Impact of Genetic Mimicry on COVID-19 Adaptability
The main idea behind
Cyclical components inside SARS Cov 2 sequence hint at a deterministic pattern inside the sequence. This characteristic must be driven by some deterministic factors. Those factors could be the environment, host, or host adaptations to the environment. By following some of those variables SARS Cov-2 is able to adapt and continuously infect the host. Through this adaptation process, small changes in the sequence will occur leading to new variants. Although this process may appear random, this could be an effect that we are unaware of as the way viruses adapt to the host.

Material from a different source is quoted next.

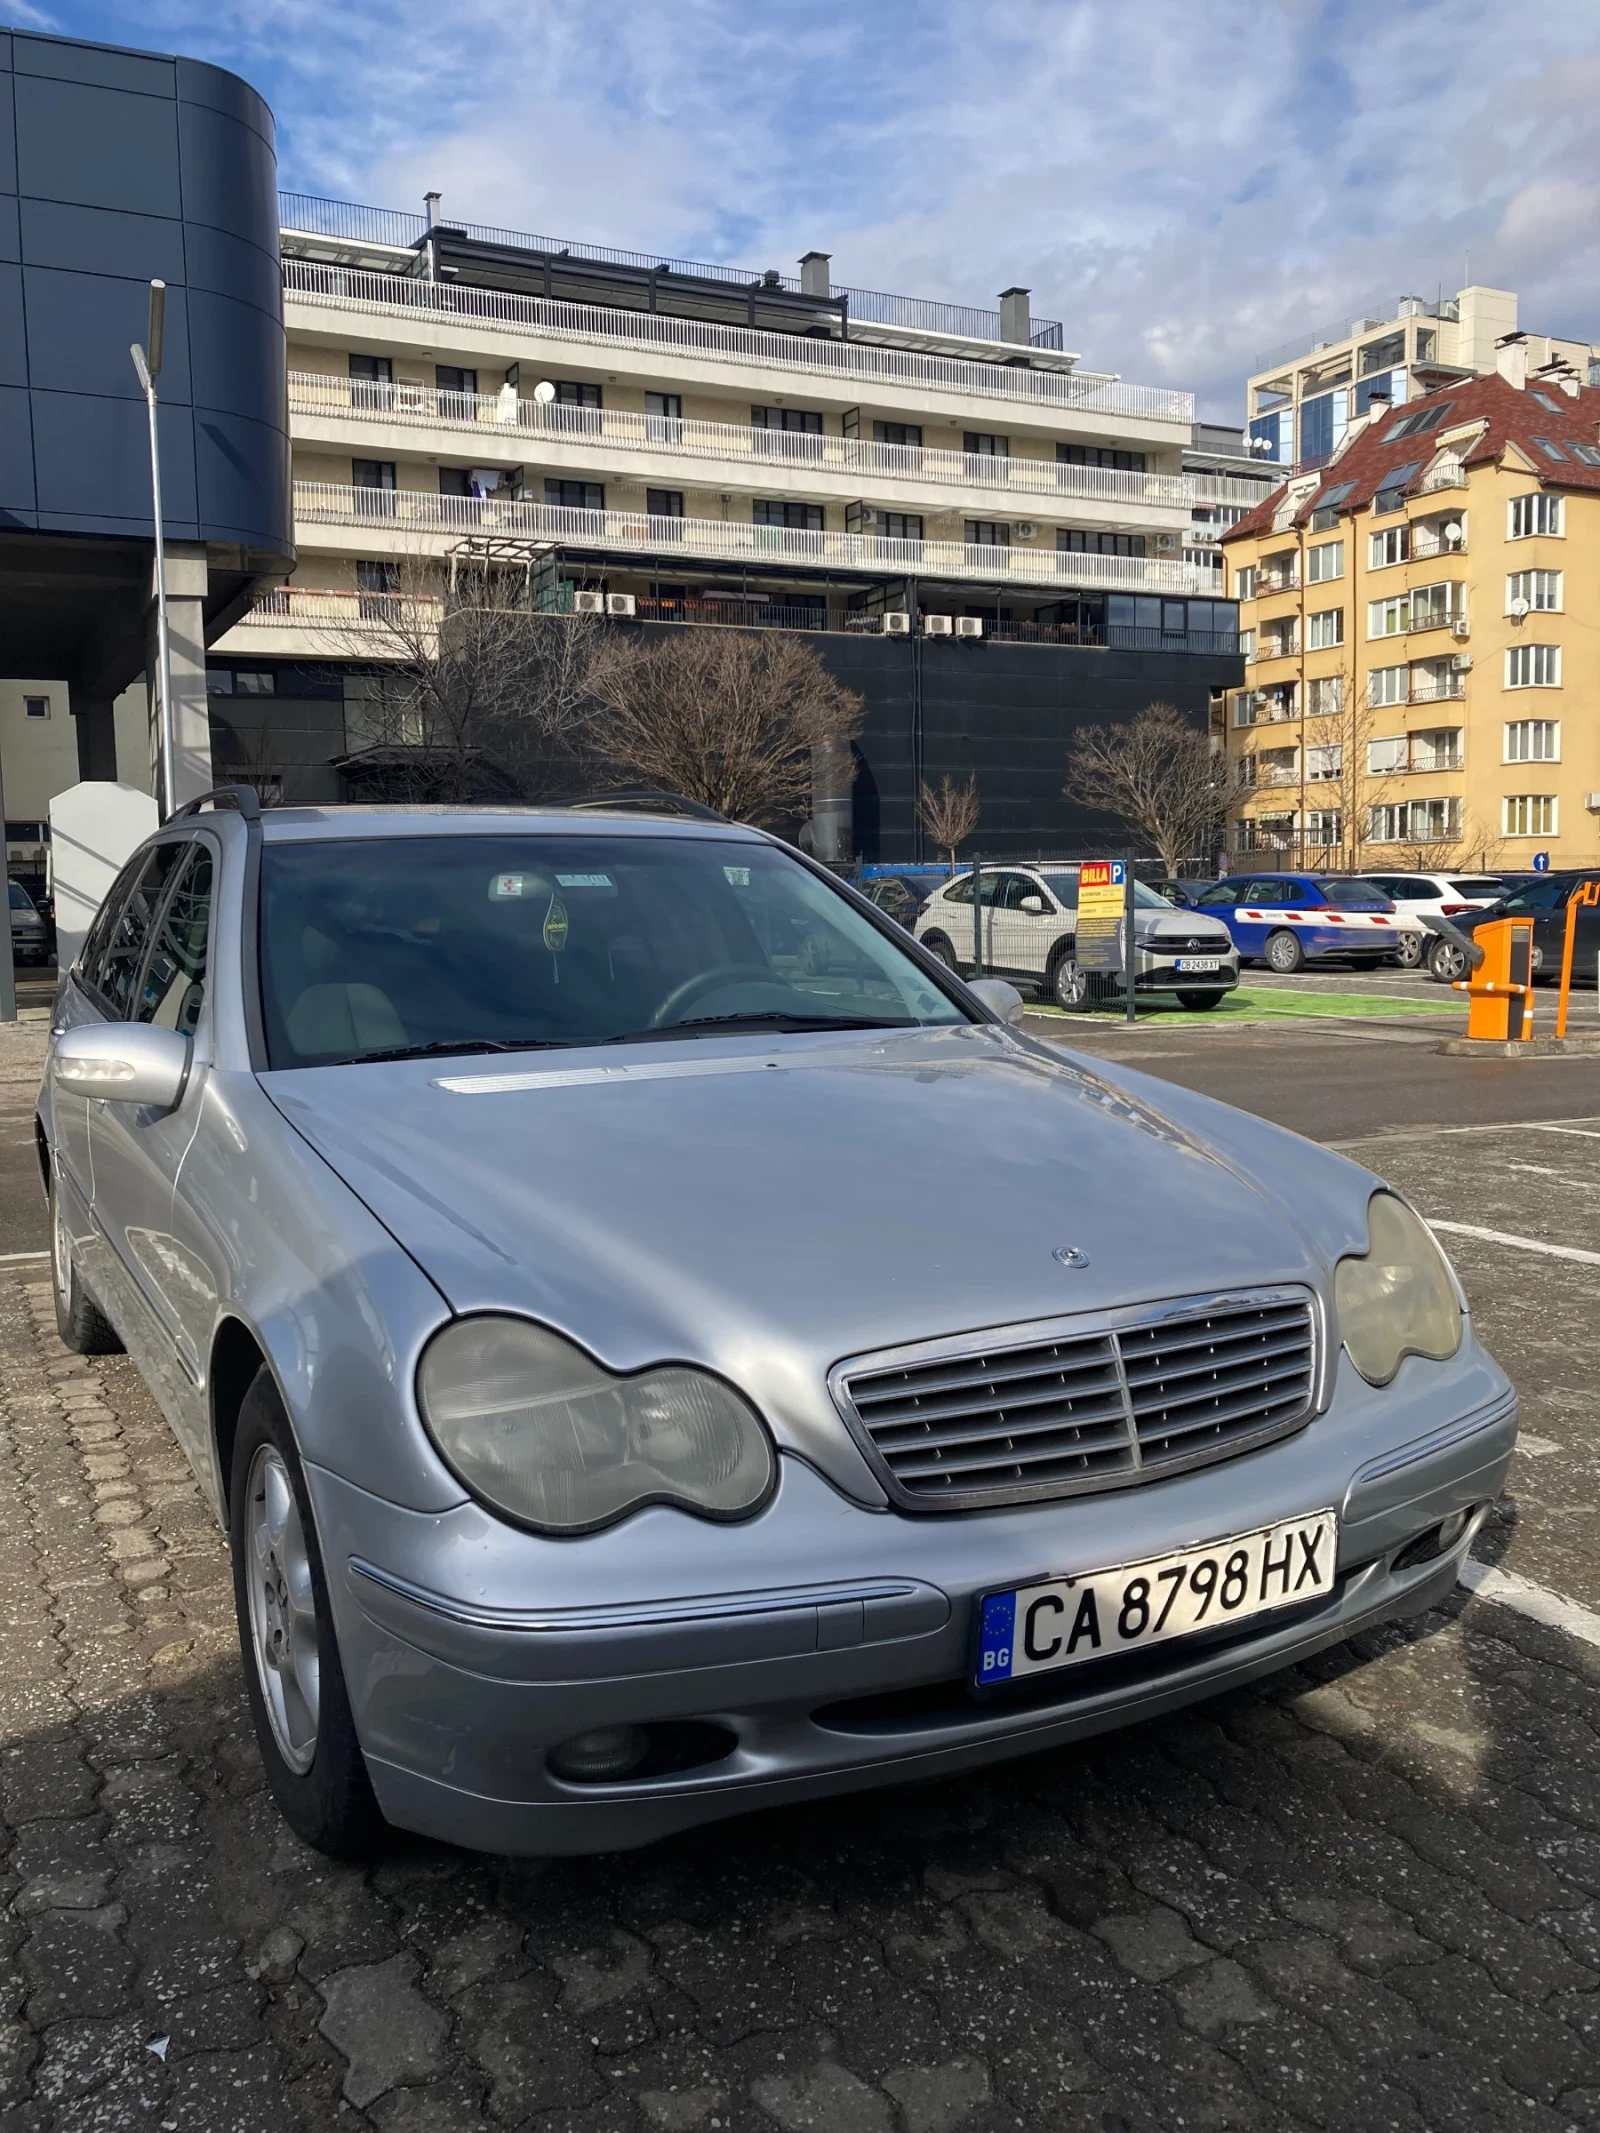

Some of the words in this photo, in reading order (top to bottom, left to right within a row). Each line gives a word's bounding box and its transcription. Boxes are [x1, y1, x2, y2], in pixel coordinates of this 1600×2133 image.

If we look at the SARS Cov2 as a foreign invader trying to colonize a new location. Its capability to colonize the new land will depend on the available natural resources. As the virus is a parasite that relies on the molecular machinery of the host to make copies of itself, then there are two main resources needed. The nucleotides, that are needed to make copies of the genetic material. And the amino acids that are used to synthesize the different proteins needed for its assembly.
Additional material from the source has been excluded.